In this homework, we will investigate air quality data retreived from the EPA and use Pandas to analyze particulate matter (PM2.5) levels.

### Topics Covered

As we clean and explore these data, you will gain practice with:
* Manipulating tables and parts of the table (column, index)
* Identifying the type of data collected, missing values, anomalies, etc.
* Performing numeric operations (mean, variance)
* Merging and analyzing data sets

----

## Section 1: Downloading the Data<a id='data'></a>

Run the cell below to import some of the packages we will need for this assignment:

In [None]:
#Run this cell
from pathlib import Path
import sys
import math
import zipfile
%matplotlib inline
import matplotlib.pyplot as plt

**Question 1.1:** Import the Pandas and NumPy libraries `as` their commonly used abbreviations (i.e., `pd`, `np`).  

In [None]:
## YOUR CODE HERE

We'll be working with air quality data from the EPA. Have a look at the description of the data  [here](https://aqs.epa.gov/aqsweb/airdata/FileFormats.html#_hourly_data_files).

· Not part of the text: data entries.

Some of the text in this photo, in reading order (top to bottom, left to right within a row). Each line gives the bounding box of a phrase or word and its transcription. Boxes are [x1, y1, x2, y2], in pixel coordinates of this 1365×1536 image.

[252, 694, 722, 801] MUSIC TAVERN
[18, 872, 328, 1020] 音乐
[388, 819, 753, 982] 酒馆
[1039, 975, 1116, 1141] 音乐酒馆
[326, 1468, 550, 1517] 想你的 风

For this homework, we'll focus on PM2.5 Mass data from 2018. Although it's possible to download the dataset exclusively through the notebook environment, the dataset is too large (over 4 million rows, 1.3GB!) to load and process in DataHub given the memory constraint. Thus, we'll work with a preprocessed, reduced version of this dataset that removes readings from certain states that we will not be working with.**


**For your future reference, the raw data can be downloaded from [this website](https://aqs.epa.gov/aqsweb/airdata/download_files.html). Alternatively, you can directly download a zipfile using a URL in the following form:

https://aqs.epa.gov/aqsweb/airdata/hourly_TYPE_YEAR.zip

...replacing "TYPE" and "YEAR" with the measurement and year, respectively, that you want to analyze.

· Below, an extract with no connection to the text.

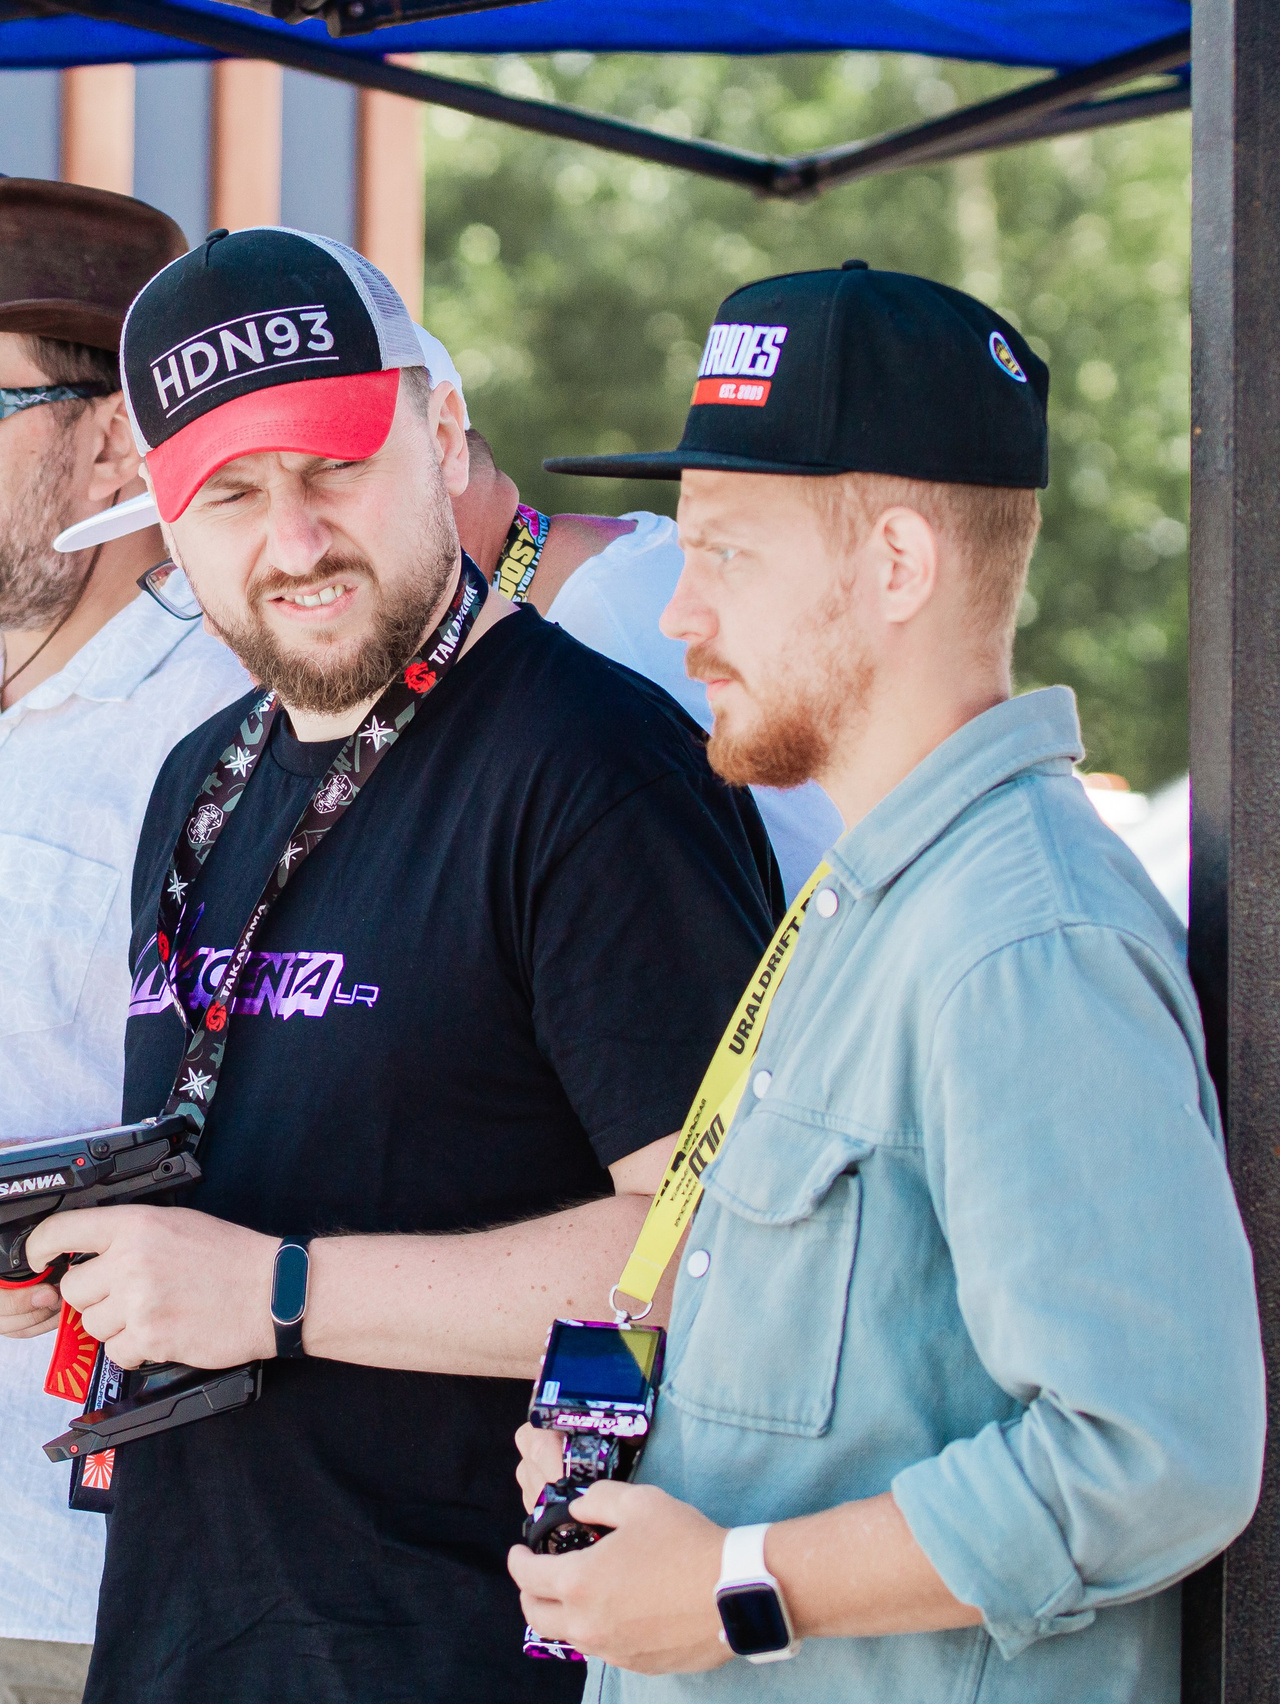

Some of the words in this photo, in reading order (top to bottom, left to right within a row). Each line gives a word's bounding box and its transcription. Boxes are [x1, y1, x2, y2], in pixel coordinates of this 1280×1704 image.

**Measurement | (TYPE)**  
Ozone | (44201)  
SO2 | (42401)  
CO | (42101)  
NO2 | (42602)  
PM2.5 FRM/FEM Mass | (88101)  
PM2.5 non FRM/FEM Mass | (88502)  
PM10 Mass | (81102)  
PM2.5 Speciation | (SPEC)  
PM10 Speciation | (PM10SPEC)

Let's start by using Python to unzip the folder and see how many files it contains:

In [None]:
air_quality_path = Path('data/reduced_PM25_2018.zip')
zf = zipfile.ZipFile(air_quality_path, 'r')
print([f.filename for f in zf.filelist])

We see that there is only one CSV file within the zip file. From here, we want to then get a sense of the structure of the data within the CSV.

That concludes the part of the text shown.